When Websense (NASDAQ: WBSN) announced a couple of weeks ago it had acquired Defensio, a Canadian spam filtering Web service, I realized the San Diego software developer had morphed into something bigger and more robust than I remembered.

“A lot has changed in the last three or four years,” David Meizlik, a Websense product marketing manager, told me yesterday when I stopped by to catch up on the company. Meizlik attributes part of the change to the arrival of former McAfee president Gene Hodges, who was named CEO three years ago. Shifting customer requirements also prompted changes, Meizlik explained, as their info security needs expanded from defending a network like a fortress, with firewalls and intruder alarms, to an approach focused more specifically on content—on the potential threats on web sites and in e-mail traffic.

When it was founded in 1994, Websense specialized in providing software that companies used to block their employees from using their desktop computer to view Internet porn, visit online gambling dens, and idly surf the Web. When Websense went public in 2000, its filtering software was generating $8.6 million in sales a year.

The change in direction became more apparent after Hodges was hired in January 2006 to succeed John Carrington, who had served as Websense CEO for seven years. At McAfee, Hodges had overseen technology development and strategy, as well as sales and marketing, for McAfee’s worldwide business.
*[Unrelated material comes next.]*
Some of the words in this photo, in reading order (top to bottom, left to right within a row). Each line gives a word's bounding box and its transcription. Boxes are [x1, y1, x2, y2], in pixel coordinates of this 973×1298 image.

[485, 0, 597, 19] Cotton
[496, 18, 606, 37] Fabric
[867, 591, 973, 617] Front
By then, Websense was already expanding the scope of its content filtering capabilities to identify and block computer viruses and malicious software code, but since Hodges’ arrival Meizlik says Websense has made four key acquisitions:

—In 2006, Websense purchased non-exclusive rights to Inktomi Traffic Server, technology that enabled Websense to create a proxy gateway, an intermediary server between browsers and content servers, for filtering Web traffic.

—In late 2006, Websense paid $90 million to acquire PortAuthority, which had developed content filtering software designed to prevent sensitive or confidential data from being sent out of a corporate network. Meizlik says the technology was an ideal fit for the company’s customer base. “About 90 percent of all data leaks are the result of an accident, or employee error, or broke business practices” Meizlik says. Websense now can prevent an employee from e-mailing confidential data, posting it to a Web site or downloading it to a USB memory stick.

—In 2007, Websense acquired its biggest competitor, SurfControl, a UK-based content-filtering software developer that effectively doubled Websense from 25,000 to 50,000 corporate customers, and from 700 to approximately 1,200 employees. Websense executives told IT security analysts at the time the combination of two companies with similar content-filtering capabilities would enable them to compete more closely with larger rivals such as Symantec, McAfee, and Trend Micro. The acquisition also allowed Websense to gain a foothold in the emerging market for hosted security, or Software as a Service (SaaS).

—Websense’s acquisition of Defensio last month made the company’s shift into Web 2.0 and hosted security software more evident. In an announcement earlier this week, Websense unveiled its expanding capabilities in providing hosted e-mail security and hosted Web security. The approach enables Websense to identify and block spam or an e-mail containing malicious software or link to a malicious Web site before it reaches its destination.
Websense now says it provides protection for more than 42 million employees at more than 50,000 organizations worldwide, with software and hosted security applications that help customers block malicious code, prevent the loss of confidential information, and enforce Internet use and security policies.